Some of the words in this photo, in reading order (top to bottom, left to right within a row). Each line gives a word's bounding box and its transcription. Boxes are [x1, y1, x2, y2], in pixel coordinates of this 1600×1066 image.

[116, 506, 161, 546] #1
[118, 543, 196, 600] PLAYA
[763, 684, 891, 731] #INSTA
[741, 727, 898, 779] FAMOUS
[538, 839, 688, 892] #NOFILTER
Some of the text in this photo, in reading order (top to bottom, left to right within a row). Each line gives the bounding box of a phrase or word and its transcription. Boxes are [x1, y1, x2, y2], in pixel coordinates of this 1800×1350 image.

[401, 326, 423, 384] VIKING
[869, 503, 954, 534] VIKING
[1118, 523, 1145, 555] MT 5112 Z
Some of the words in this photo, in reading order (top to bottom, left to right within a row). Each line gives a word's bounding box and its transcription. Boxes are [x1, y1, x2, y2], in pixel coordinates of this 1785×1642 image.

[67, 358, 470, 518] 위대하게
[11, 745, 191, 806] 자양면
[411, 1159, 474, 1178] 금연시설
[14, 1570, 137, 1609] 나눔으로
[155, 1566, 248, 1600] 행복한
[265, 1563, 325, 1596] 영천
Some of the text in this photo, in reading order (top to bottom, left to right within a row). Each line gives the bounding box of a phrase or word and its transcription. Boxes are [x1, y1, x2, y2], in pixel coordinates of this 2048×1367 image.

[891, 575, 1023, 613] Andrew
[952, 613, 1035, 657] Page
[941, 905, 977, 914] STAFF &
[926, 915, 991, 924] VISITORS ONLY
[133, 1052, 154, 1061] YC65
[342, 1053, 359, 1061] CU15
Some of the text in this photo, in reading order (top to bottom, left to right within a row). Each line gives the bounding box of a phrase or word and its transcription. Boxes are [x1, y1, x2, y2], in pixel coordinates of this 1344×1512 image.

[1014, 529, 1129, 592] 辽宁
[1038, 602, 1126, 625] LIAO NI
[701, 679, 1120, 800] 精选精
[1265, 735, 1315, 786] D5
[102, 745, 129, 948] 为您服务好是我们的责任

===============

#### [WORK INSTRUCTIONS]
Your task is to extract the lines running from the one with "this 1344×1512 image." to the end of the material, inclusive, copying each exactly and adding nothing.

#### [REPLY TO THE EXERCISE]
Some of the text in this photo, in reading order (top to bottom, left to right within a row). Each line gives the bounding box of a phrase or word and its transcription. Boxes are [x1, y1, x2, y2], in pixel coordinates of this 1344×1512 image.

[1014, 529, 1129, 592] 辽宁
[1038, 602, 1126, 625] LIAO NI
[701, 679, 1120, 800] 精选精
[1265, 735, 1315, 786] D5
[102, 745, 129, 948] 为您服务好是我们的责任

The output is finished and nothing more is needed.